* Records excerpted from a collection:
Start of Block
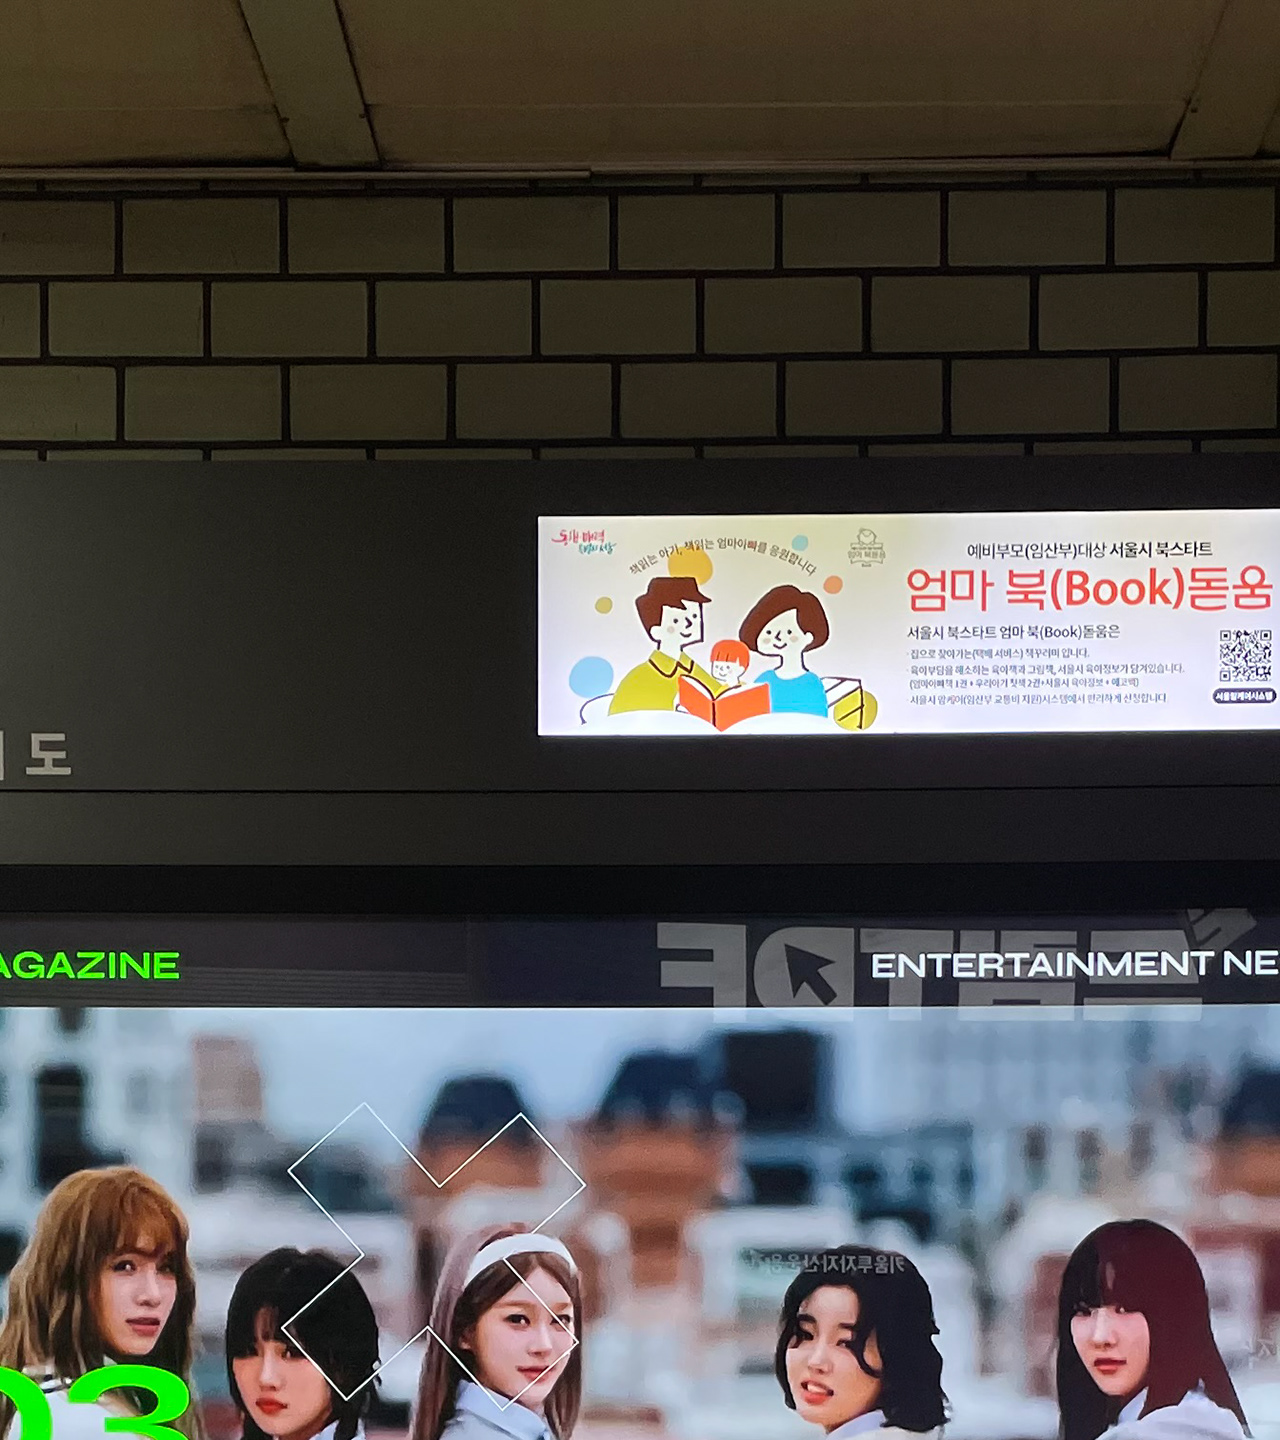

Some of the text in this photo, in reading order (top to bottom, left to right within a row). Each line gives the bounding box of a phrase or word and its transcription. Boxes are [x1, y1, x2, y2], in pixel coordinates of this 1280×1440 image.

[967, 541, 1213, 559] 예비부모(임산부)대상 서울시 북스타트
[907, 564, 1273, 613] 엄마 북(Book)돋움
[907, 624, 1120, 640] 서울시 북스타트 엄마 북(Book)돋움은
[871, 950, 1215, 980] ENTERTAINMENT
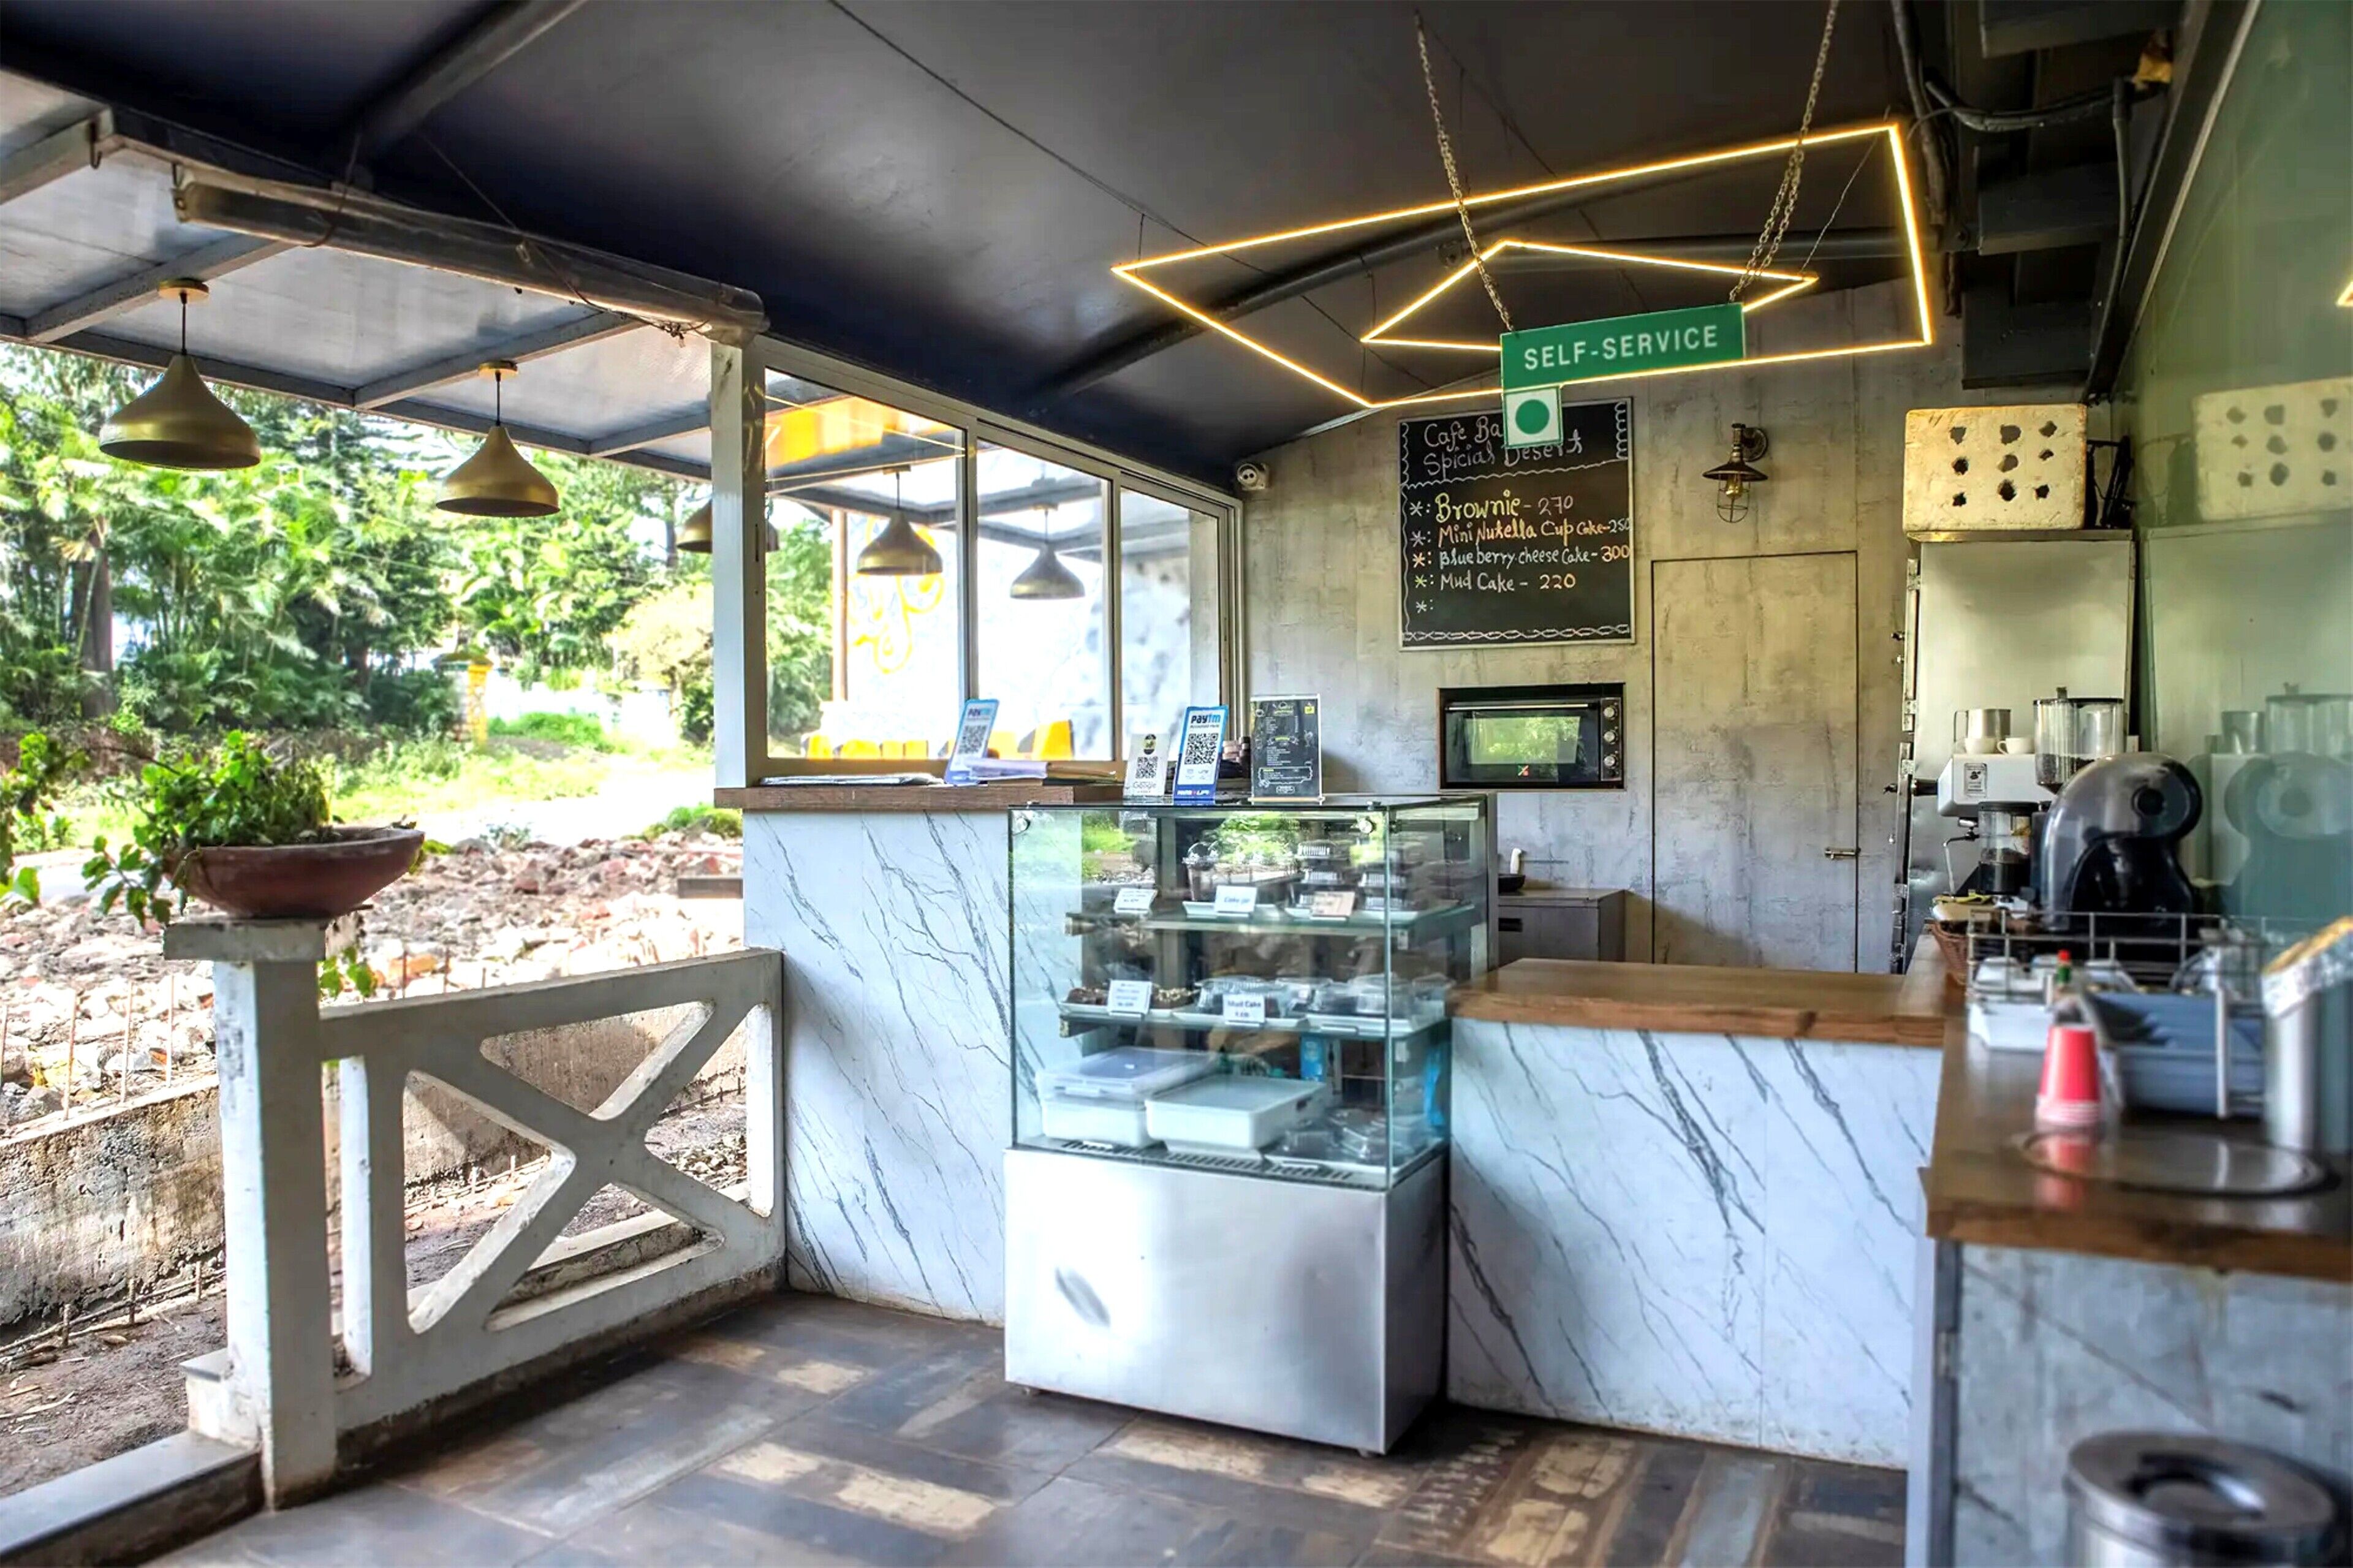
End of Block
* What to do:
Print out every record above exactly as given. Do not include the pictures.

* Answer space:
Some of the text in this photo, in reading order (top to bottom, left to right within a row). Each line gives the bounding box of a phrase or word and its transcription. Boxes are [x1, y1, x2, y2], in pixel coordinates of this 1280×1440 image.

[967, 541, 1213, 559] 예비부모(임산부)대상 서울시 북스타트
[907, 564, 1273, 613] 엄마 북(Book)돋움
[907, 624, 1120, 640] 서울시 북스타트 엄마 북(Book)돋움은
[871, 950, 1215, 980] ENTERTAINMENT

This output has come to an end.